● Data listing:
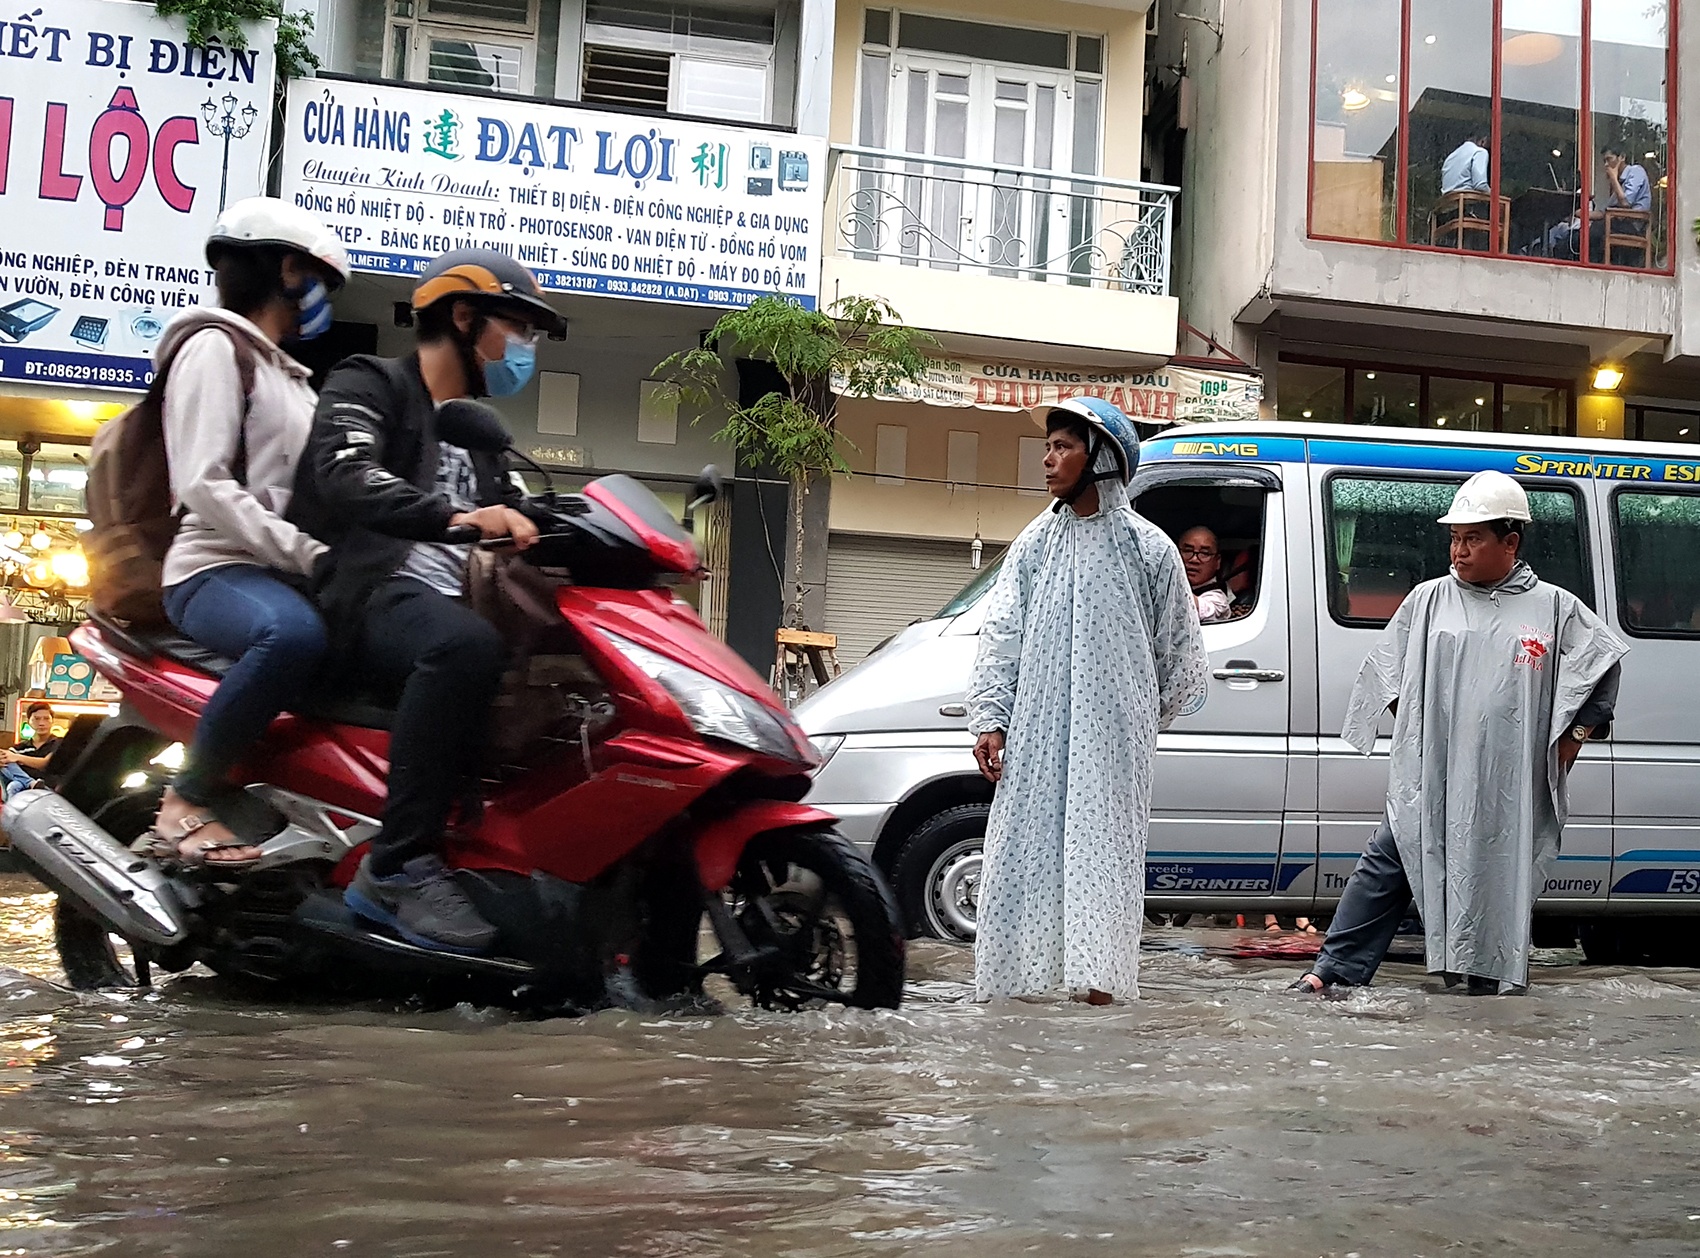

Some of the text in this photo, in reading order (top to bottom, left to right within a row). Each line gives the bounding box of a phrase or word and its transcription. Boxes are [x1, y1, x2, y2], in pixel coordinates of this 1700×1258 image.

[85, 32, 133, 78] BỊ
[147, 35, 259, 88] ĐIỆN
[304, 88, 726, 189] CỬA HÀNG 達 ĐẠT LỢI 利
[39, 86, 199, 232] LỘC
[303, 159, 370, 185] Chuyên
[376, 167, 425, 190] Kinh
[431, 173, 500, 198] Doanh:
[509, 183, 547, 206] THIẾT
[552, 191, 565, 212] BỊ
[570, 191, 601, 214] ĐIỆN
[614, 195, 644, 219] ĐIỆN
[649, 199, 682, 221] CÔNG
[687, 205, 733, 228] NGHIỆP
[750, 213, 770, 230] GIA
[775, 215, 808, 235] DỤNG
[295, 186, 332, 212] ĐỒNG
[337, 191, 355, 215] HỒ
[361, 197, 401, 222] NHIỆT
[406, 201, 424, 225] ĐỘ
[443, 206, 475, 229] ĐIỆN
[480, 208, 507, 231] TRỞ
[520, 217, 613, 242] PHOTOSENSOR
[626, 228, 651, 246] VAN
[656, 228, 686, 251] ĐIỆN
[720, 232, 754, 256] ĐỒNG
[758, 235, 775, 258] HỒ
[780, 243, 807, 262] VOM
[33, 254, 97, 278] NGHIỆP,
[105, 258, 139, 279] ĐÈN
[145, 265, 199, 285] TRANG
[381, 227, 418, 249] BĂNG
[423, 234, 450, 253] KEO
[518, 242, 558, 266] NHIỆT
[572, 246, 607, 269] SÚNG
[612, 254, 629, 271] ĐO
[634, 254, 673, 278] NHIỆT
[678, 257, 695, 281] ĐỘ
[709, 260, 737, 281] MÁY
[742, 267, 759, 284] ĐO
[764, 266, 781, 288] ĐỘ
[786, 263, 805, 288] ẨM
[15, 275, 63, 300] VƯỜN,
[70, 279, 104, 300] ĐÈN
[111, 283, 155, 305] CÔNG
[161, 288, 199, 307] VIÊN
[25, 361, 133, 383] ĐT:0862918935
[970, 376, 1043, 408] THU
[1198, 443, 1258, 456] AMG
[1146, 864, 1194, 874] rcedes
[1666, 871, 1700, 893] ES
[1542, 879, 1602, 894] journey
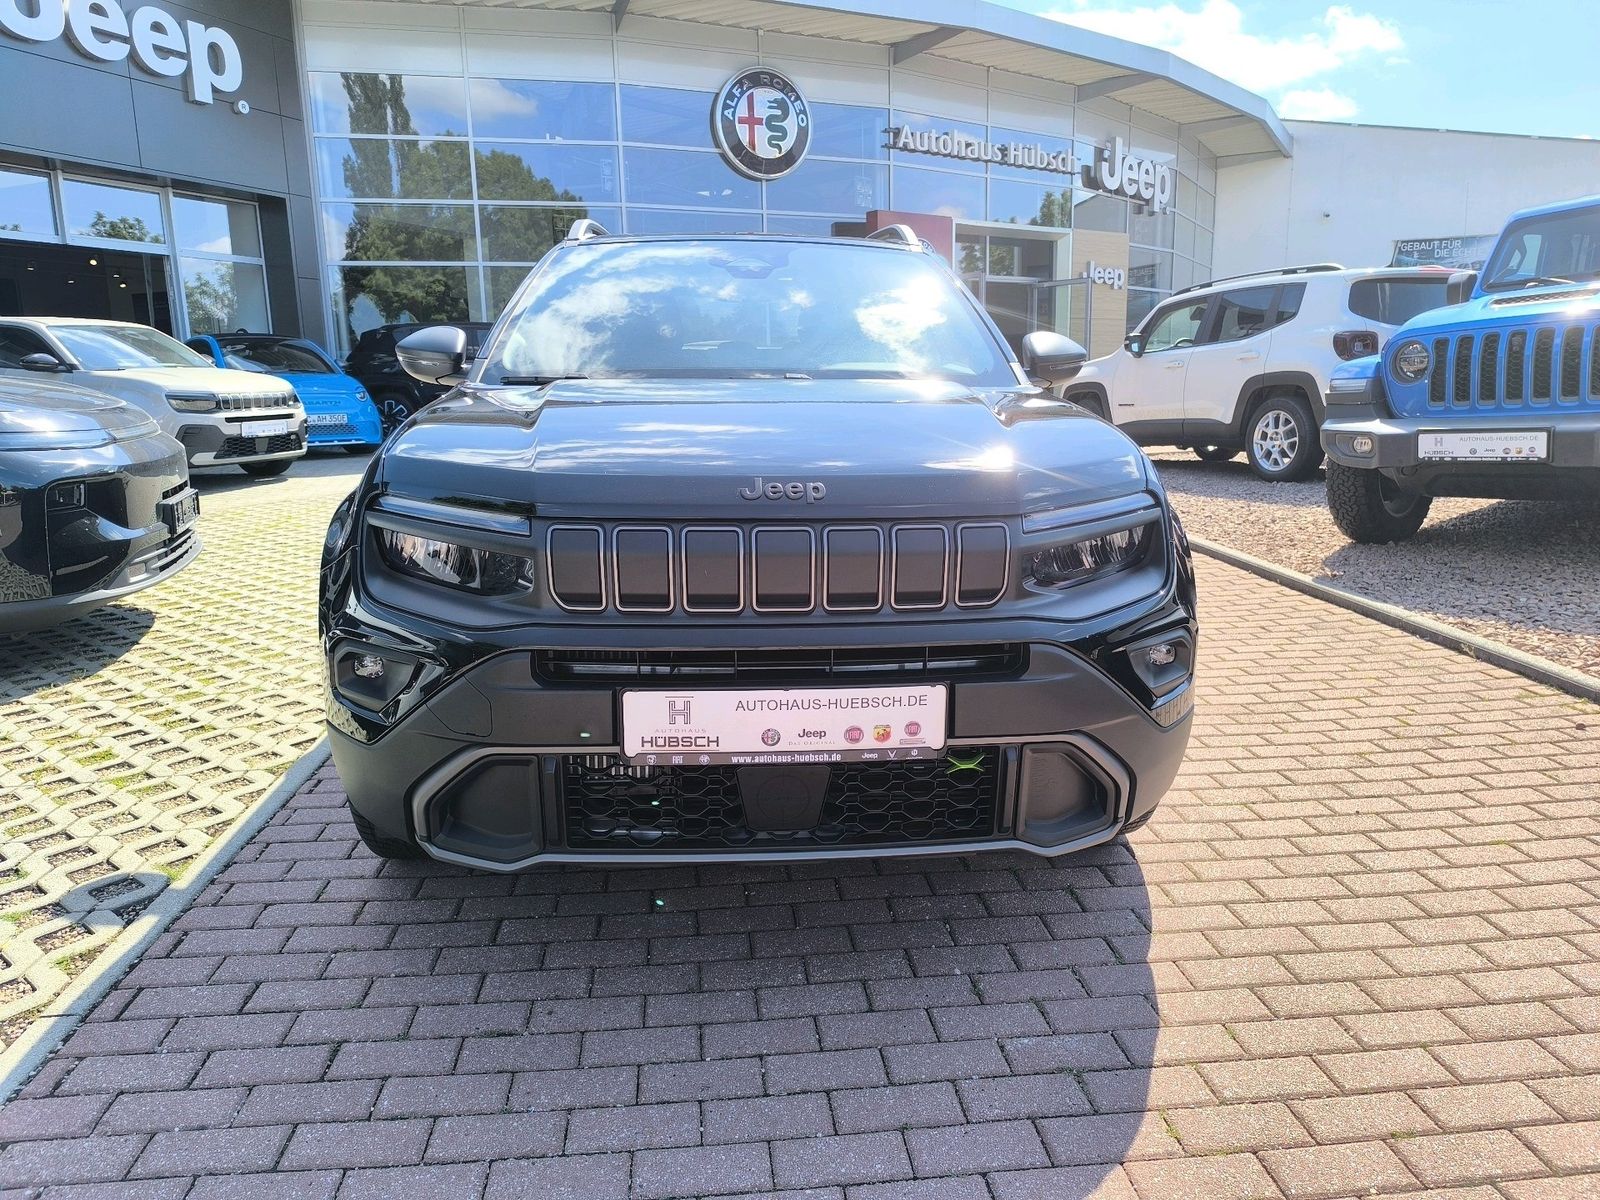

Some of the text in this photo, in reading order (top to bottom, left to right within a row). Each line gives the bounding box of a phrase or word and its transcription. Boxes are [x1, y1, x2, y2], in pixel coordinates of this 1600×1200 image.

[724, 75, 807, 127] ALFA ROMEO
[898, 124, 1076, 173] Autohaus Hübsch
[1102, 136, 1171, 213] Jeep
[1401, 239, 1462, 251] GEBAUT FÜR
[1434, 249, 1450, 258] DIE
[738, 477, 826, 504] Jeep
[735, 694, 928, 712] AUTOHAUS-HUEBSCH.DE
[798, 728, 827, 740] Jeep
[641, 736, 720, 748] HÜBSCH
[731, 752, 842, 764] www.autohaus-huebsch.de
[861, 752, 879, 760] Jeep
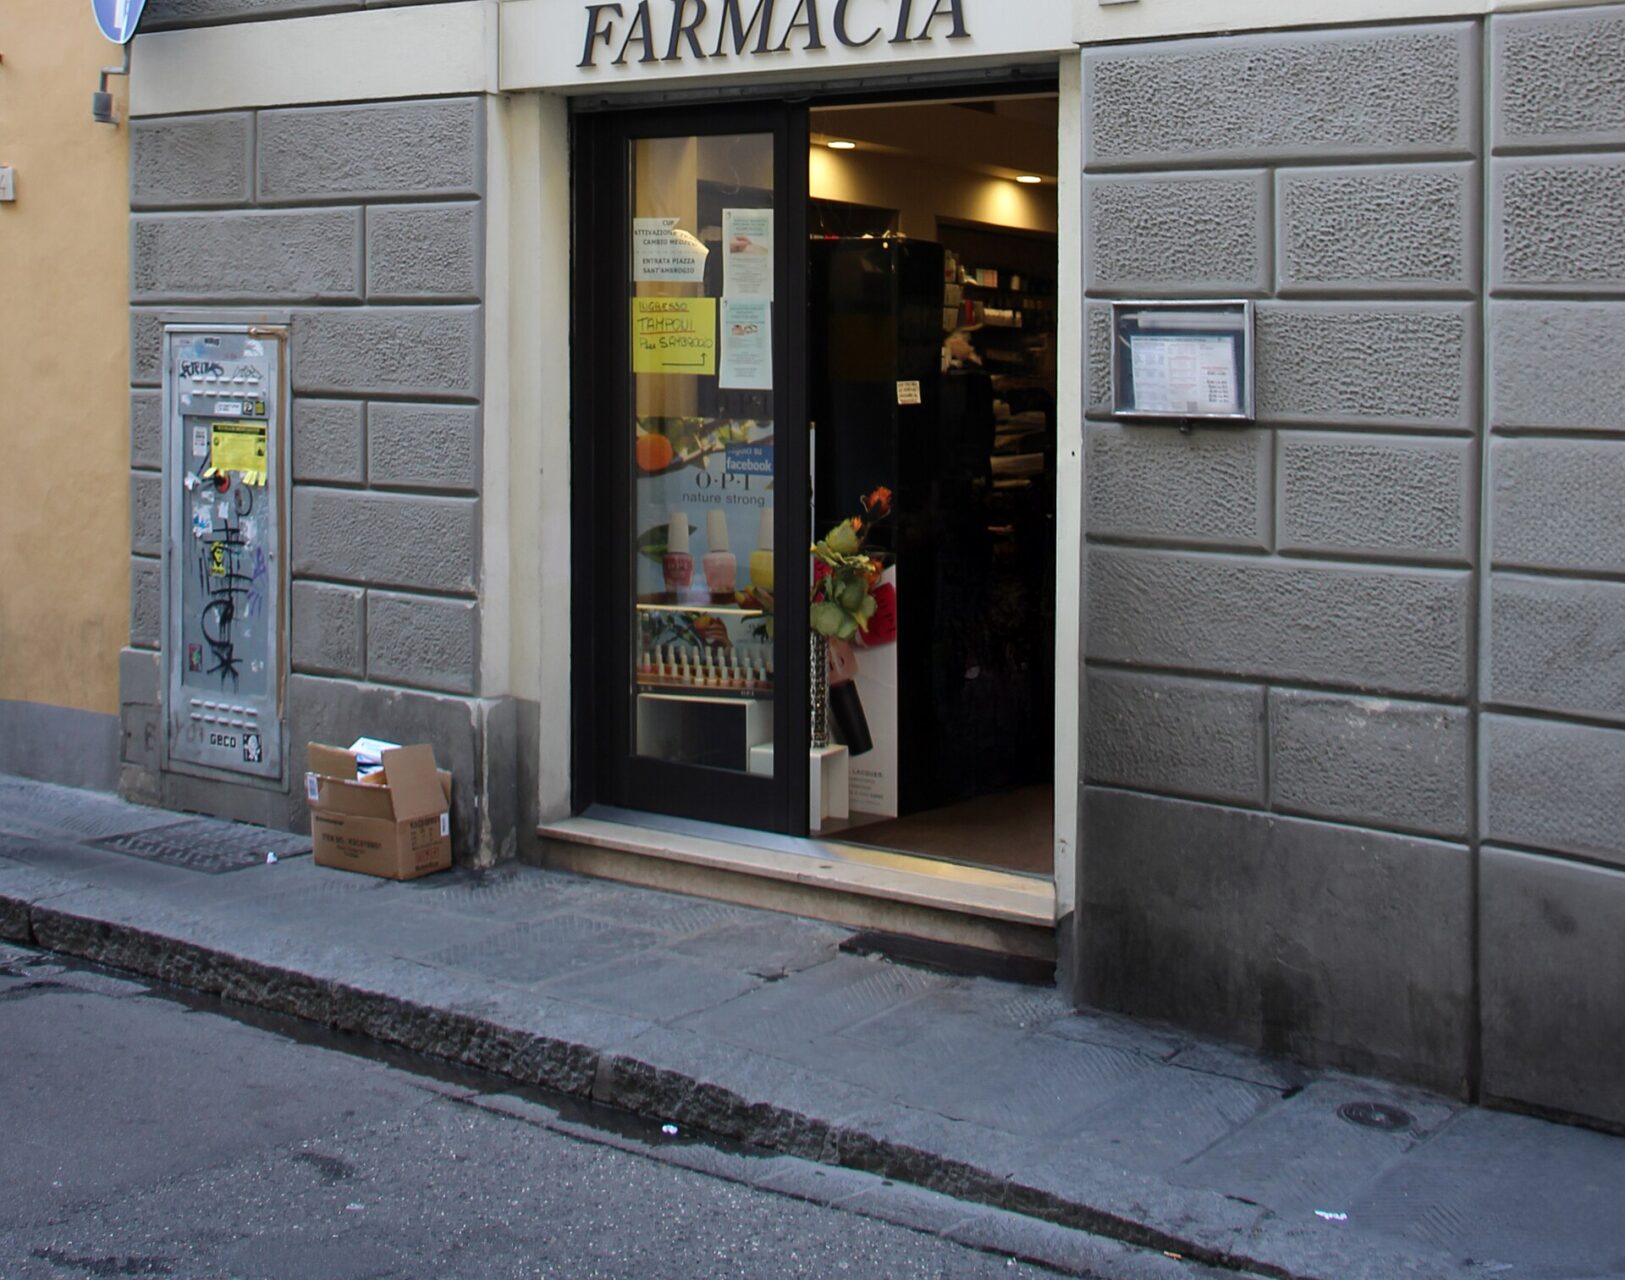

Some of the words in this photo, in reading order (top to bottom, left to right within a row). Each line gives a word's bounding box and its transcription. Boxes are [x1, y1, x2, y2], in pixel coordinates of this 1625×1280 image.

[727, 456, 772, 472] facebook
[682, 493, 721, 503] nature
[726, 494, 765, 507] strong
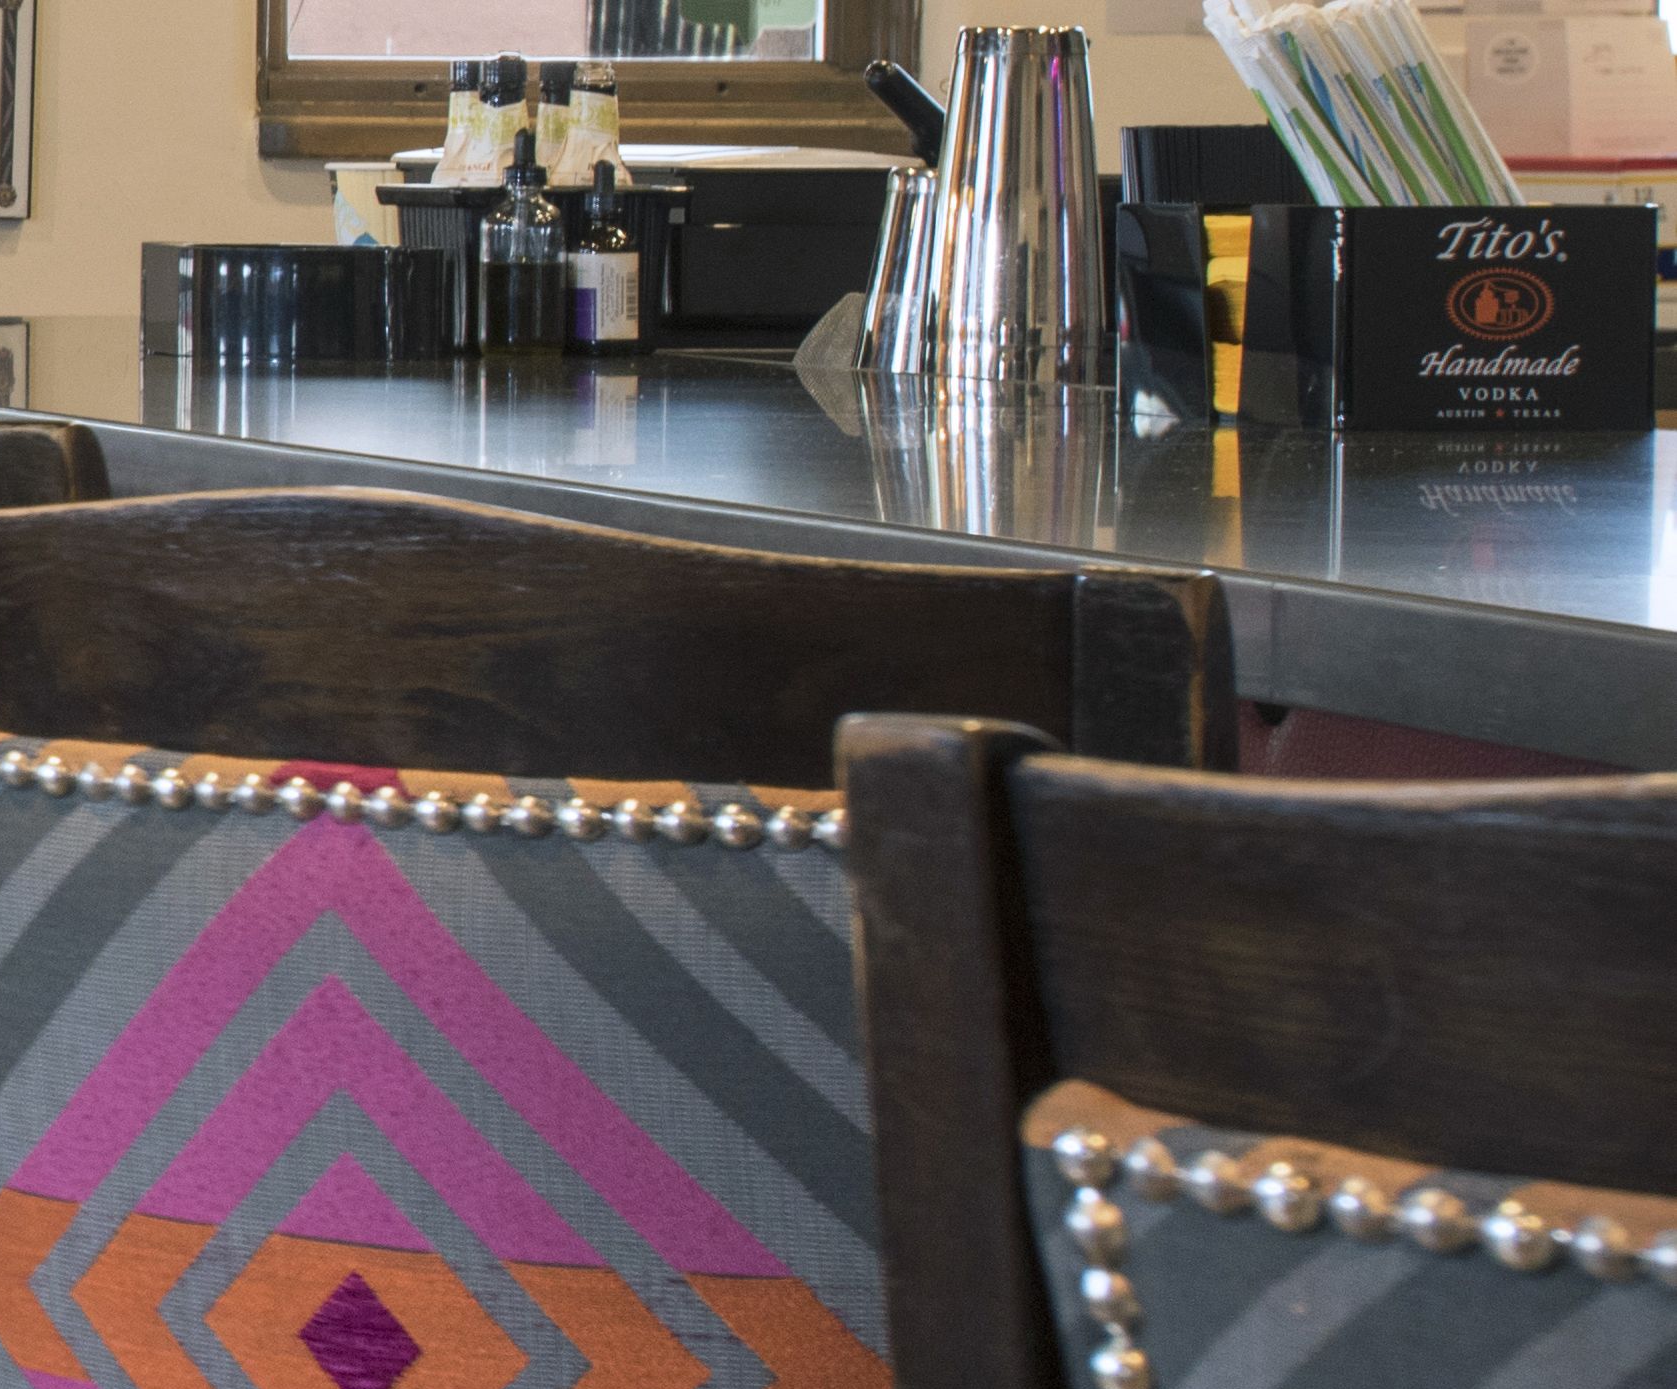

● Exercise objective:
Please output, exactly and with no pictures, only the lines from the one containing "Some of the words" through the final line of the records above.

● Answer section:
Some of the words in this photo, in reading order (top to bottom, left to right within a row). Each line gives a word's bounding box and its transcription. Boxes are [x1, y1, x2, y2], in pixel coordinates of this 1625×1280 image.

[727, 456, 772, 472] facebook
[682, 493, 721, 503] nature
[726, 494, 765, 507] strong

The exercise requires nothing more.